Mesmo com as coisas mais complicadas, André conseguiu, com ajuda de outro amigo do bairro, continuar seus estudos de cerca de oito horas por dia e finalmente alcançar a aprovação. E ele ainda conseguia tempo para trabalhar em intervalos curtos: "Sempre limpei quintal, piscina, fiz serviço de pintura, todos os bicos que apareciam [no período] eu fiz".

foto 2 - Reprodução/ Arquivo pessoal - Reprodução/ Arquivo pessoal
Mãe e filho se abraçam emocionados em vídeo gravado por amigos de André
Imagem: Reprodução/ Arquivo pessoal

Sonho alcançado

Sua trajetória difícil até a aprovação que "não era uma ilusão", veio após conversas delicadas que ele teve com a mãe e até mesmo depois de pressões do seu então padrasto para que ele trabalhasse em emprego formal.

"Tinha certos momentos que ela até ficava um pouco desacreditada. Era um curso muito concorrido, e ela chegava para mim [e perguntava] se eu queria realmente medicina, se eu não poderia fazer outro curso. [...] Mas a gente esfriava a cabeça e sentava para conversar e ela voltava a me apoiar incondicionalmente", conta o jovem.

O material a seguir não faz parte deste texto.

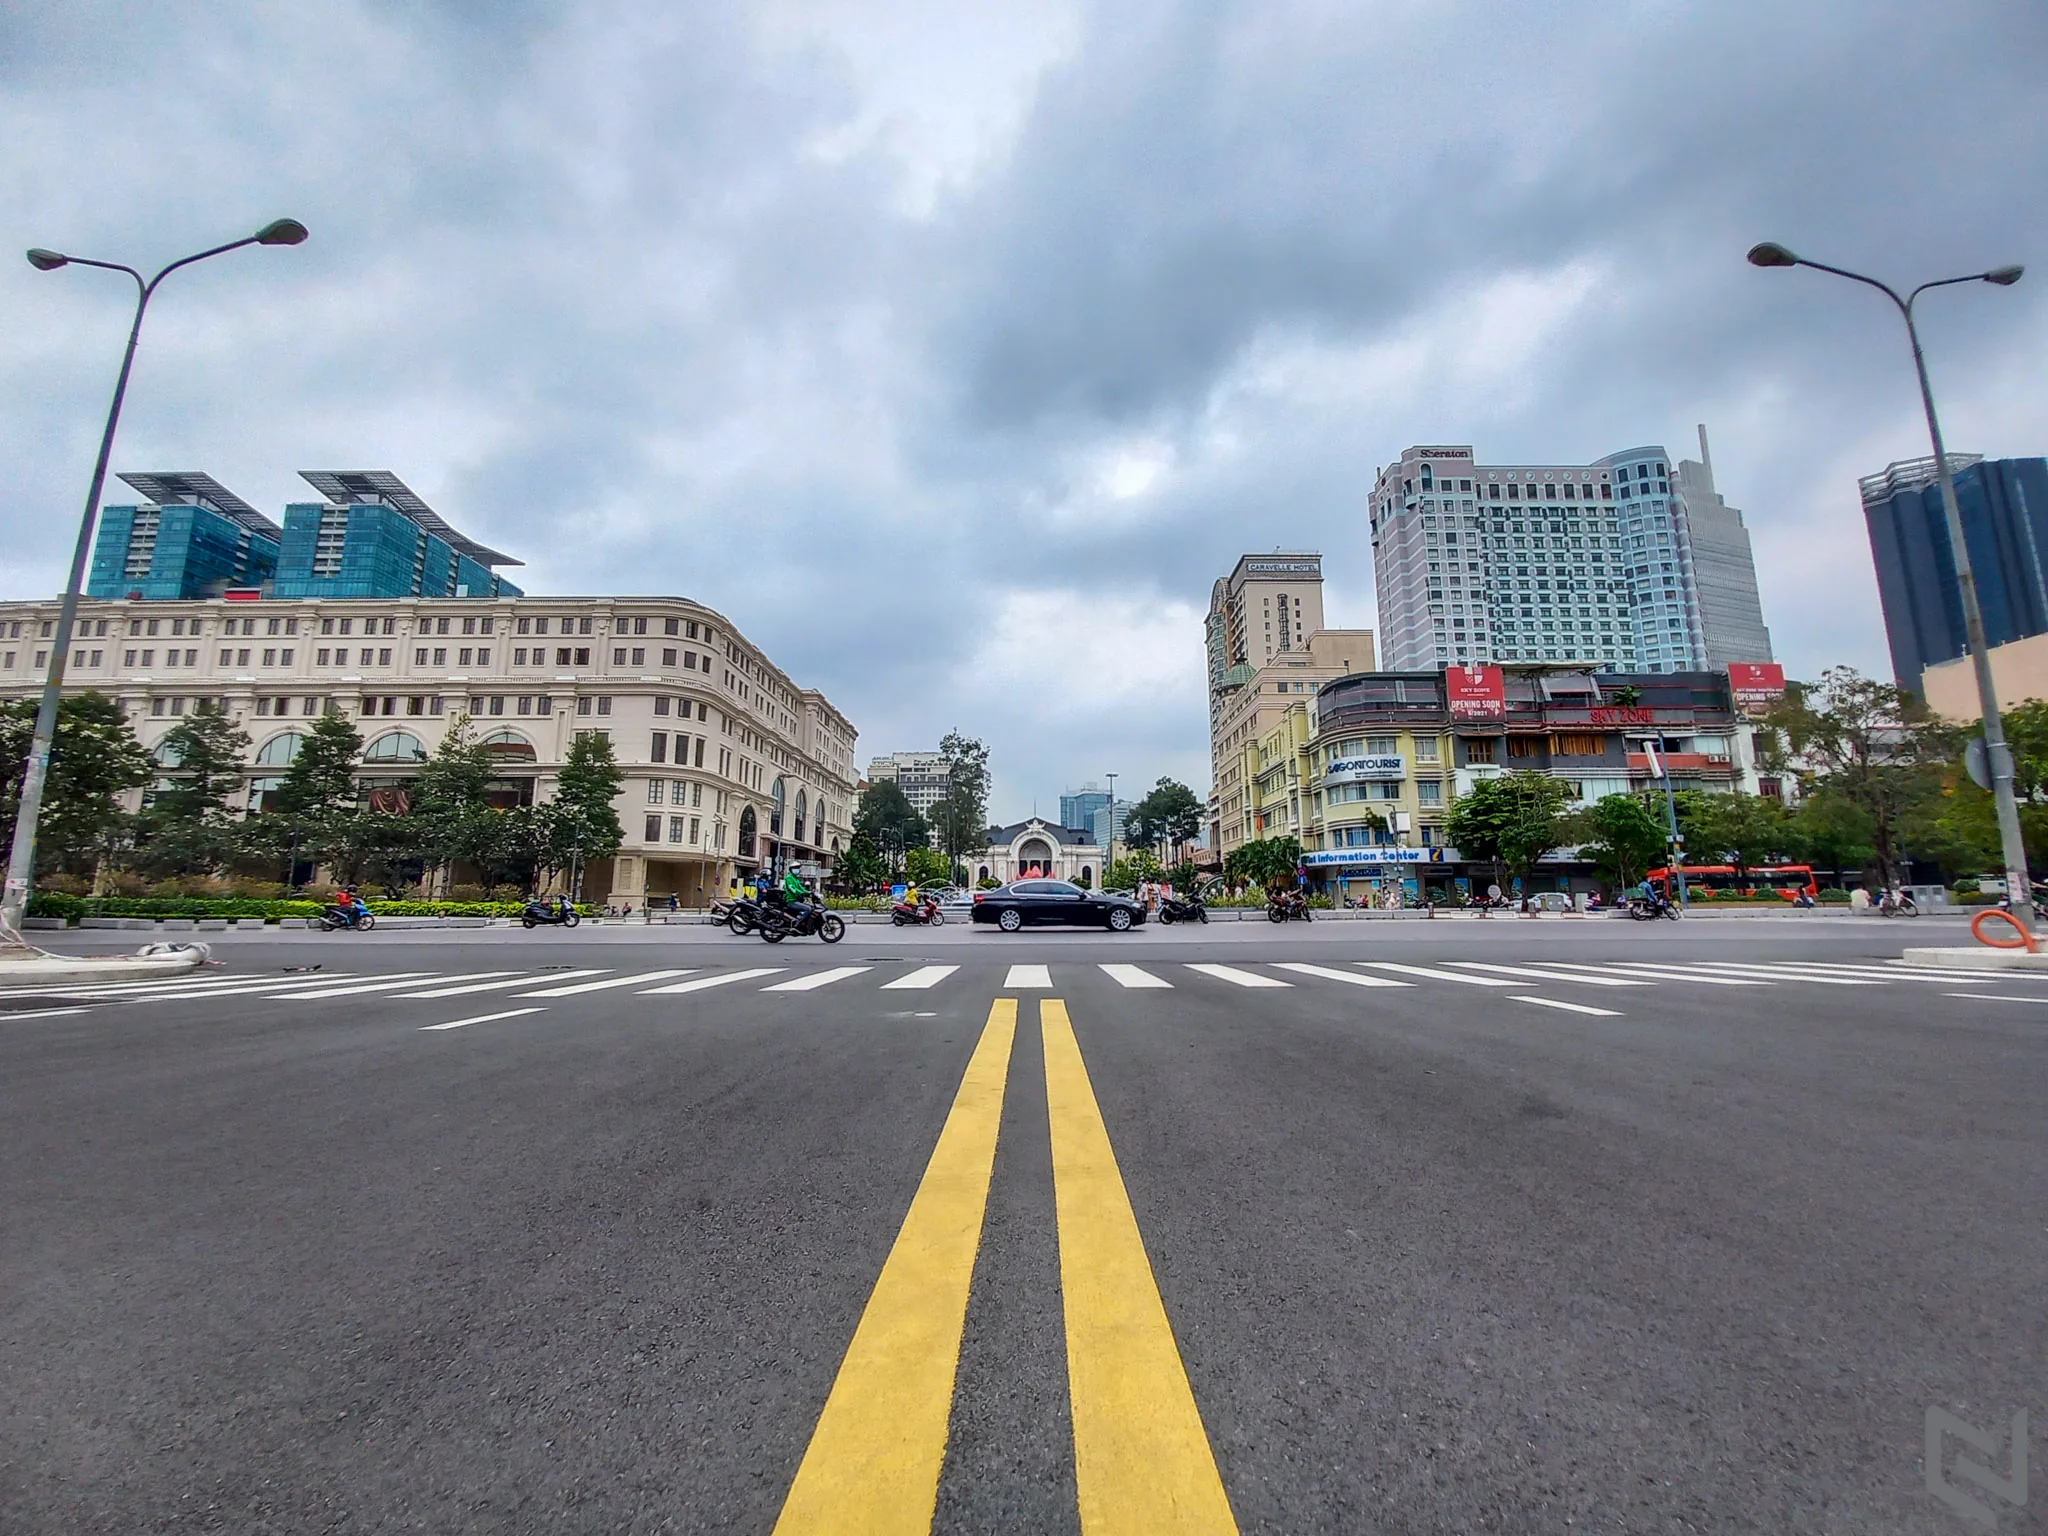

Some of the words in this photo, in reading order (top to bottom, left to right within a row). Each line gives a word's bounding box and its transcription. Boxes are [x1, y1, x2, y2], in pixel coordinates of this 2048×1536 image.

[1736, 693, 1766, 701] OPENING
[1451, 700, 1481, 708] OPENING
[1482, 700, 1500, 708] SOON
[1591, 708, 1615, 722] SKY
[1620, 708, 1653, 722] ZONE
[1328, 759, 1402, 774] SAIGONTOURIST
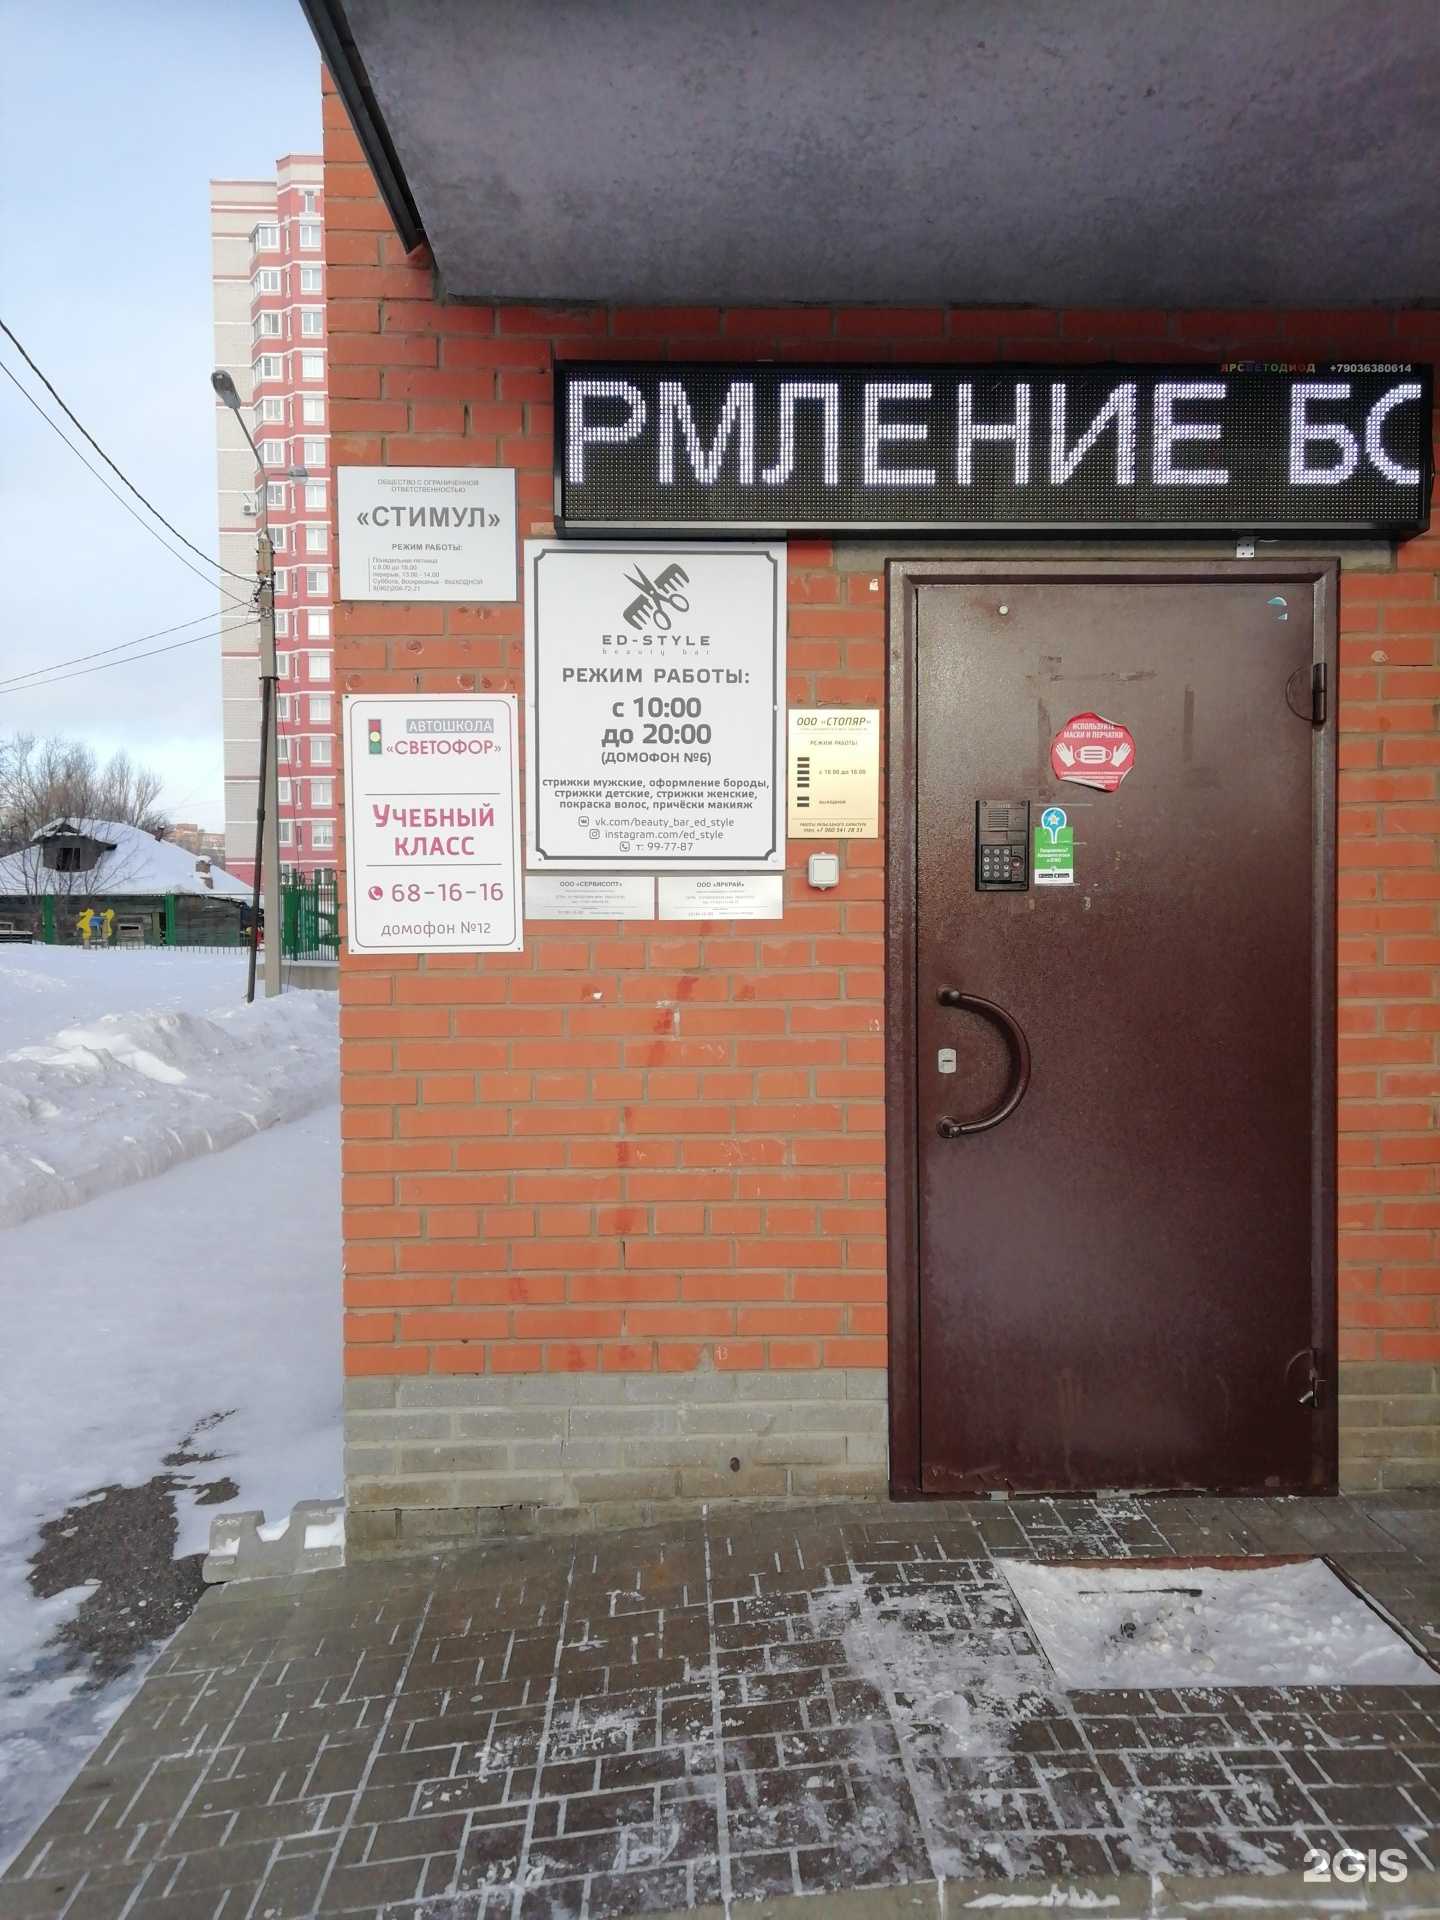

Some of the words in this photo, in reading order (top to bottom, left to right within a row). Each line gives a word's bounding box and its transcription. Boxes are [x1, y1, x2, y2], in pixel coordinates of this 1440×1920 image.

[1330, 364, 1412, 373] +79036380614
[568, 380, 1229, 486] РМЛЕНИЕ
[357, 506, 500, 527] «СТИМУЛ»
[602, 635, 710, 645] ED-STYLE
[562, 668, 643, 683] РЕЖИМ
[654, 668, 750, 684] РАБОТЫ:
[612, 701, 624, 718] с
[633, 697, 701, 718] 10:00
[408, 720, 492, 732] АВТОШКОЛА
[797, 717, 817, 726] ООО
[601, 727, 634, 748] до
[642, 724, 711, 744] 20:00
[387, 740, 501, 755] «СВЕТОФОР»
[601, 752, 680, 765] (ДОМОФОН
[684, 752, 711, 765] №6)
[543, 779, 590, 788] стрижки
[593, 779, 646, 788] мужские,
[649, 778, 720, 788] оформление
[724, 778, 769, 789] бороды,
[555, 790, 602, 799] стрижки
[605, 790, 653, 799] детские,
[656, 790, 704, 799] стрижки
[707, 790, 758, 800] женские,
[560, 801, 611, 810] покраска
[614, 801, 650, 810] волос,
[653, 800, 705, 810] причёски
[372, 803, 494, 828] УЧЕБНЫЙ
[595, 818, 734, 829] vk.com/beauty_bar_ed_style
[605, 830, 724, 840] instagram.com/ed_style
[395, 836, 474, 856] КЛАСС
[648, 842, 693, 851] 99-77-87
[392, 883, 504, 902] 68-16-16
[381, 921, 455, 938] домофон
[461, 922, 491, 934] №12
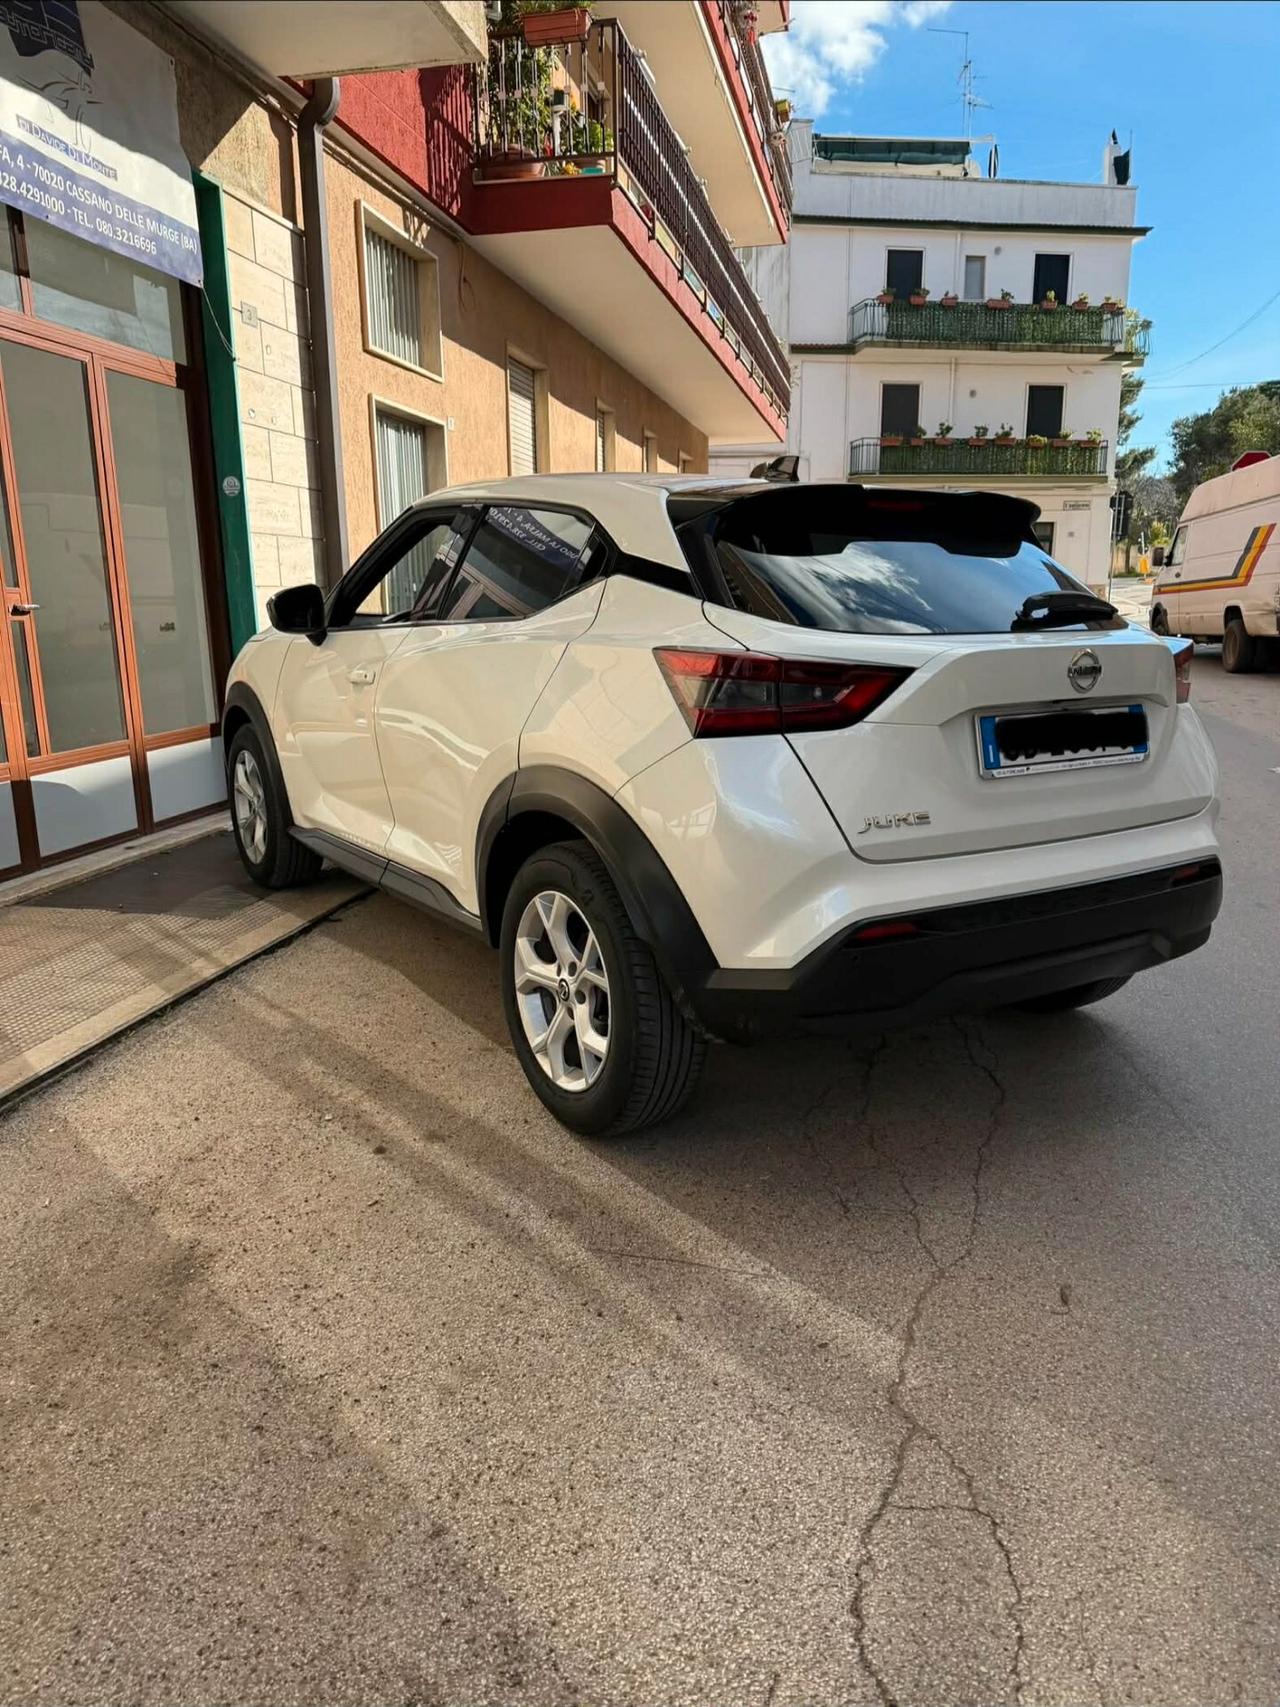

Vilenilde, mais conhecida como Nilde, relembra esses momentos ao falar sobre a aprovação do filho. "Estou muito feliz sim e ainda estamos digerindo tudo o que está acontecendo. Sei que meu filho é muito dedicado e perseverante, porque por algumas vezes eu mesmo cheguei a pedir para ele fazer outro curso por ver durante todos esses anos ele não ter aprovação no curso de medicina. Mas graças a Deus ele continuou tentando", disse ao UOL.

Cotista de escola pública e baixa renda, além de autodeclaração racial, André Ramon passou em medicina no dia do seu aniversário. "Feliz aniversário! Esse é o melhor presente para mamãe, viu?! Parabéns mesmo", falou a mãe emocionada no vídeo que ele revela sua aprovação.

Hoje, André conta com orgulho seu caminho e diz ainda estar digerindo sua aprovação: "Estou me sentindo muito feliz, realizado e meio anestesiado ainda. Para mim, é uma grande oportunidade de mudar de vida, construir a casa da minha mãe que ainda é de madeira. É um segundo grande sonho que eu tenho, de um dia fazer uma casa para a minha mãe", planeja.